5\. That isn't what was claimed, that's a book that included him, not a book
he published (as far as I am able to tell). It seems to be _very_ different
given that he did not make the effort to publish and the book even fails to
call him "Scott Alexander", making it hard to link them together.

2\. As point above says, the argument has become incongruent now that it
becomes clear he did not publish the book. And, again, there is much value to
not publishing a piece on how you are tied to fringe groups online even if
your full name was once connected to them in a print book.

3\. This isn't a very fair assumption. You, and others, are calling what he
did bad because he knew what would happen, but aren't showing he knew ahead of
time. It is very easy to say you would have realized WWII would have started,
but even something that large would be outside the reach of most people's
predictors in the moment.

1\. I think _you_ are the one with a different definition, and I would also
note that the lack of the other side being published should speak to some
extent too. He showed his side, but you are taking the lack of evidence
against him as proof he did something wrong, which is not very sound.

4\. This attempt at universalization doesn't hold very well given that this
was not a reporter trying to cover the story with full honesty; his name was a
largely irrelevant detail. They could have named him "Big Bird" and the story
would have been the same but with no chance of controversy, since his identity
in his private life is not important to the story.

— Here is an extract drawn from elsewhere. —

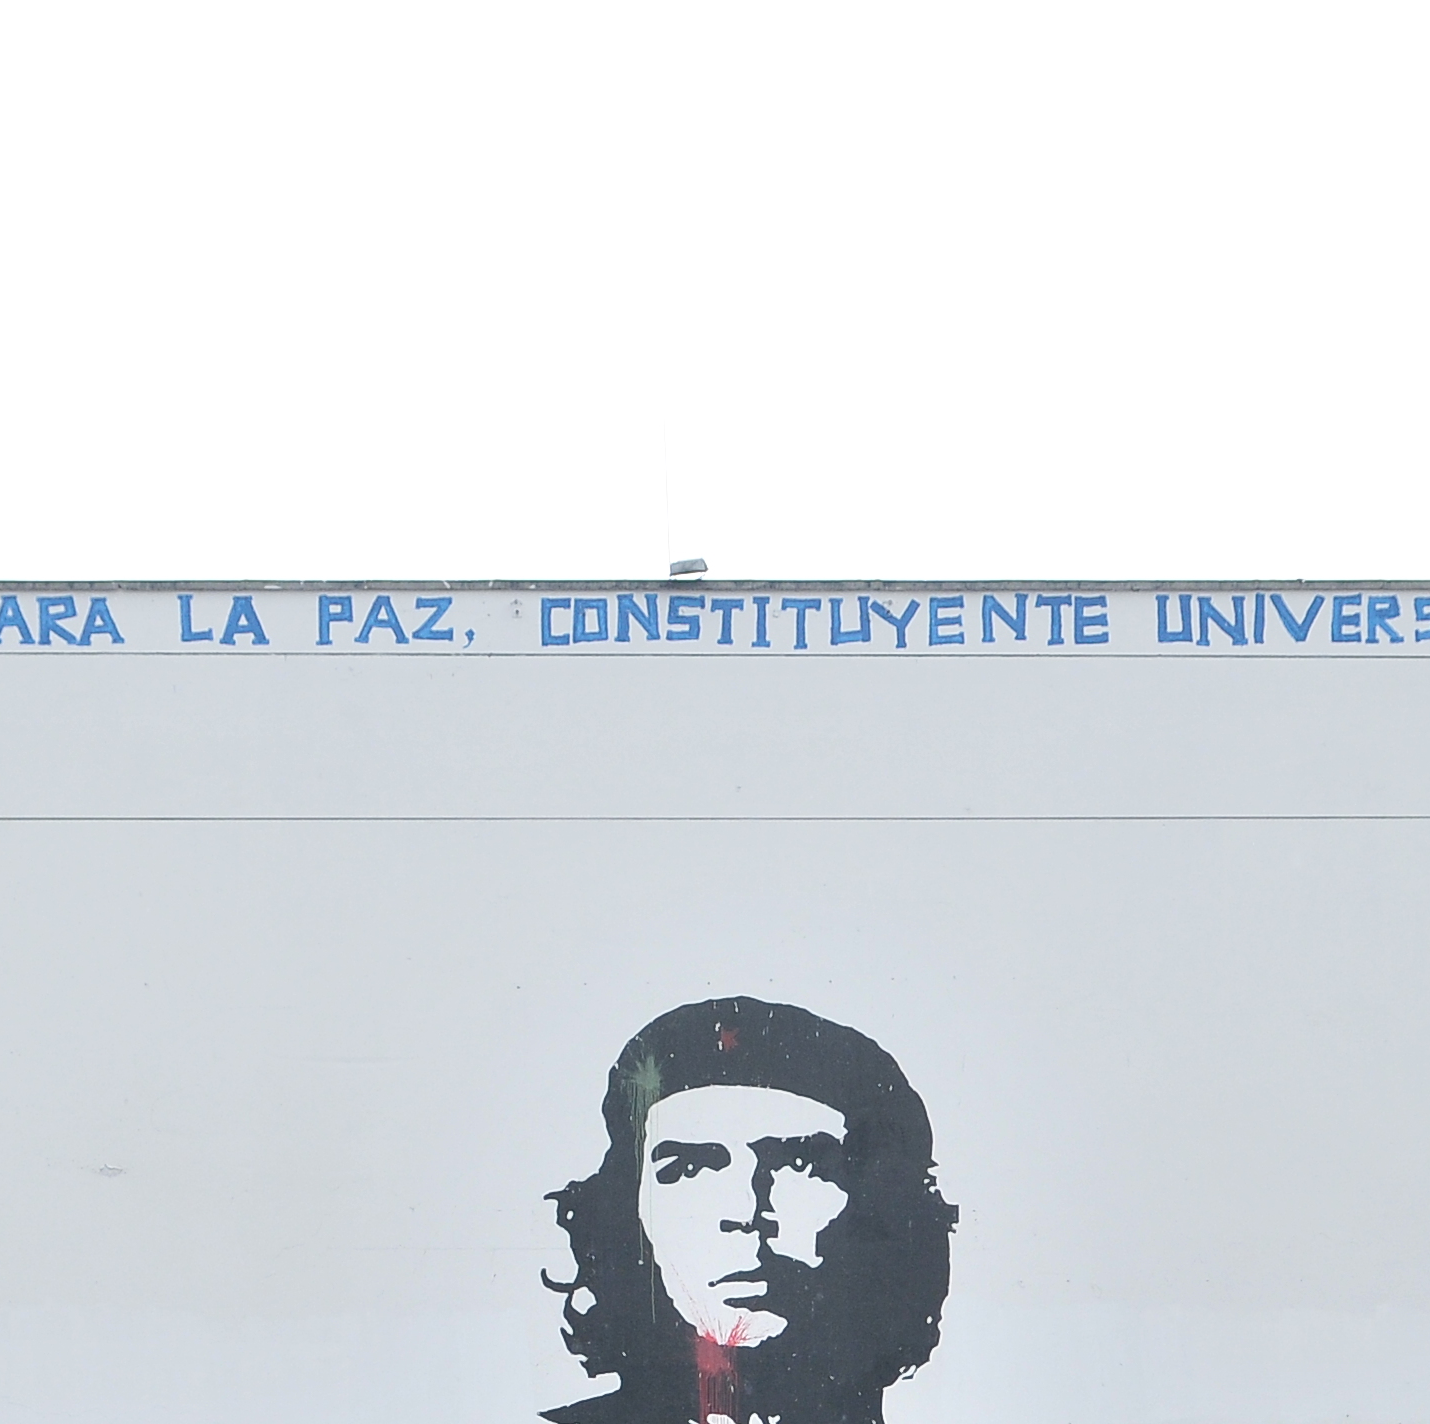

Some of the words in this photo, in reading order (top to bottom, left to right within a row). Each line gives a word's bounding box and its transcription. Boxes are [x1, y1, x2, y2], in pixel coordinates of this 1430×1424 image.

[176, 593, 271, 647] LA
[314, 593, 476, 649] PAZ,
[540, 592, 1111, 650] CONSTITUYENTE

Thanks for the well-organized points, it makes replying a lot more sane.

------
skrebbel
This must also be why antivaxxers are so widespread. Does it mean nothing can
be done about it?

------
api
Someone needs to create a meme that will simultaneously offend everyone of
every conceivable belief system or political persuasion.

It would be the 2020 version of this:

[https://www.youtube.com/watch?v=FBWr1KtnRcI](https://www.youtube.com/watch?v=FBWr1KtnRcI)

Seems tough... maybe it's a job for deep learning?